Instructions for the task:
Please repeat all of the records, keeping every word unchanged.

Data entries
*** Block opens ***
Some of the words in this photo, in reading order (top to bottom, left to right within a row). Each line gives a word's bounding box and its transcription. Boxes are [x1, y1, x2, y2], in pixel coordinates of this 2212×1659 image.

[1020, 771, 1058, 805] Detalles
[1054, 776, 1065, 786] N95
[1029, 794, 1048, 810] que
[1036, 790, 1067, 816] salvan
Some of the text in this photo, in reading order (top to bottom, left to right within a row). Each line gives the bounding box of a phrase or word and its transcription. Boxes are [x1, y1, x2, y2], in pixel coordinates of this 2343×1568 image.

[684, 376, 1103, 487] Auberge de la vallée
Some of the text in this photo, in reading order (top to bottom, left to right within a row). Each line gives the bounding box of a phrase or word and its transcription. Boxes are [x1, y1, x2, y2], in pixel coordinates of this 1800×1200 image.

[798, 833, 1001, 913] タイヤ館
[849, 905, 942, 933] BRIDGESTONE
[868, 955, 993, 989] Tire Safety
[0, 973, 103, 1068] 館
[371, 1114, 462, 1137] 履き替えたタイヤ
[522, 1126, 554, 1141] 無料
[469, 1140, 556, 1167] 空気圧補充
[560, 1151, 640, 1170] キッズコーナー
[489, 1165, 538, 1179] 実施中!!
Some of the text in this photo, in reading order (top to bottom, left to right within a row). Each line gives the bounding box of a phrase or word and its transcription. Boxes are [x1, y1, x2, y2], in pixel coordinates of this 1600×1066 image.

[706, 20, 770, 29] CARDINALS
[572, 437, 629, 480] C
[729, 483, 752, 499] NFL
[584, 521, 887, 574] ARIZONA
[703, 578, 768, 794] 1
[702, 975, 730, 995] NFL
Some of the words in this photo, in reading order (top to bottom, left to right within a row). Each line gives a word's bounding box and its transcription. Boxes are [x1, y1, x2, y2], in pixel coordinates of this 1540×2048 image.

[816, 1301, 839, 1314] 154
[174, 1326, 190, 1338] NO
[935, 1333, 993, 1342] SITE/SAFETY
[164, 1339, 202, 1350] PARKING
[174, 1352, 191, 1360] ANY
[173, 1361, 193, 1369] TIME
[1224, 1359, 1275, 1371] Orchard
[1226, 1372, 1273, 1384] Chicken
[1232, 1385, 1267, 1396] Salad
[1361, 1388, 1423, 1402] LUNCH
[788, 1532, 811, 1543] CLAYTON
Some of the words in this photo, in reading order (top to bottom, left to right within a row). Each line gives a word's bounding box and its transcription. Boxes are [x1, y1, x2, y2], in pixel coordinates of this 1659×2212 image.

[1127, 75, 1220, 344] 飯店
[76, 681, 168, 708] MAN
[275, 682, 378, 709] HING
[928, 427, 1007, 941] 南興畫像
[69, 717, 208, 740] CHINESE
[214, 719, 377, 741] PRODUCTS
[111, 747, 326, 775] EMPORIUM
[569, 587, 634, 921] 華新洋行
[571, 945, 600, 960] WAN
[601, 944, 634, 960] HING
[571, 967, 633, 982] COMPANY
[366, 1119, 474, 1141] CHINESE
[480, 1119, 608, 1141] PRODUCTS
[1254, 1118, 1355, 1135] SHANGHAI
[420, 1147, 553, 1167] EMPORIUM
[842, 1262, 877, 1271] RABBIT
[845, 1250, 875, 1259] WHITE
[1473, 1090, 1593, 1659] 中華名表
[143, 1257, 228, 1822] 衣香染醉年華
*** Block closes ***
Task result:
Some of the words in this photo, in reading order (top to bottom, left to right within a row). Each line gives a word's bounding box and its transcription. Boxes are [x1, y1, x2, y2], in pixel coordinates of this 2212×1659 image.

[1020, 771, 1058, 805] Detalles
[1054, 776, 1065, 786] N95
[1029, 794, 1048, 810] que
[1036, 790, 1067, 816] salvan
Some of the text in this photo, in reading order (top to bottom, left to right within a row). Each line gives the bounding box of a phrase or word and its transcription. Boxes are [x1, y1, x2, y2], in pixel coordinates of this 2343×1568 image.

[684, 376, 1103, 487] Auberge de la vallée
Some of the text in this photo, in reading order (top to bottom, left to right within a row). Each line gives the bounding box of a phrase or word and its transcription. Boxes are [x1, y1, x2, y2], in pixel coordinates of this 1800×1200 image.

[798, 833, 1001, 913] タイヤ館
[849, 905, 942, 933] BRIDGESTONE
[868, 955, 993, 989] Tire Safety
[0, 973, 103, 1068] 館
[371, 1114, 462, 1137] 履き替えたタイヤ
[522, 1126, 554, 1141] 無料
[469, 1140, 556, 1167] 空気圧補充
[560, 1151, 640, 1170] キッズコーナー
[489, 1165, 538, 1179] 実施中!!
Some of the text in this photo, in reading order (top to bottom, left to right within a row). Each line gives the bounding box of a phrase or word and its transcription. Boxes are [x1, y1, x2, y2], in pixel coordinates of this 1600×1066 image.

[706, 20, 770, 29] CARDINALS
[572, 437, 629, 480] C
[729, 483, 752, 499] NFL
[584, 521, 887, 574] ARIZONA
[703, 578, 768, 794] 1
[702, 975, 730, 995] NFL
Some of the words in this photo, in reading order (top to bottom, left to right within a row). Each line gives a word's bounding box and its transcription. Boxes are [x1, y1, x2, y2], in pixel coordinates of this 1540×2048 image.

[816, 1301, 839, 1314] 154
[174, 1326, 190, 1338] NO
[935, 1333, 993, 1342] SITE/SAFETY
[164, 1339, 202, 1350] PARKING
[174, 1352, 191, 1360] ANY
[173, 1361, 193, 1369] TIME
[1224, 1359, 1275, 1371] Orchard
[1226, 1372, 1273, 1384] Chicken
[1232, 1385, 1267, 1396] Salad
[1361, 1388, 1423, 1402] LUNCH
[788, 1532, 811, 1543] CLAYTON
Some of the words in this photo, in reading order (top to bottom, left to right within a row). Each line gives a word's bounding box and its transcription. Boxes are [x1, y1, x2, y2], in pixel coordinates of this 1659×2212 image.

[1127, 75, 1220, 344] 飯店
[76, 681, 168, 708] MAN
[275, 682, 378, 709] HING
[928, 427, 1007, 941] 南興畫像
[69, 717, 208, 740] CHINESE
[214, 719, 377, 741] PRODUCTS
[111, 747, 326, 775] EMPORIUM
[569, 587, 634, 921] 華新洋行
[571, 945, 600, 960] WAN
[601, 944, 634, 960] HING
[571, 967, 633, 982] COMPANY
[366, 1119, 474, 1141] CHINESE
[480, 1119, 608, 1141] PRODUCTS
[1254, 1118, 1355, 1135] SHANGHAI
[420, 1147, 553, 1167] EMPORIUM
[842, 1262, 877, 1271] RABBIT
[845, 1250, 875, 1259] WHITE
[1473, 1090, 1593, 1659] 中華名表
[143, 1257, 228, 1822] 衣香染醉年華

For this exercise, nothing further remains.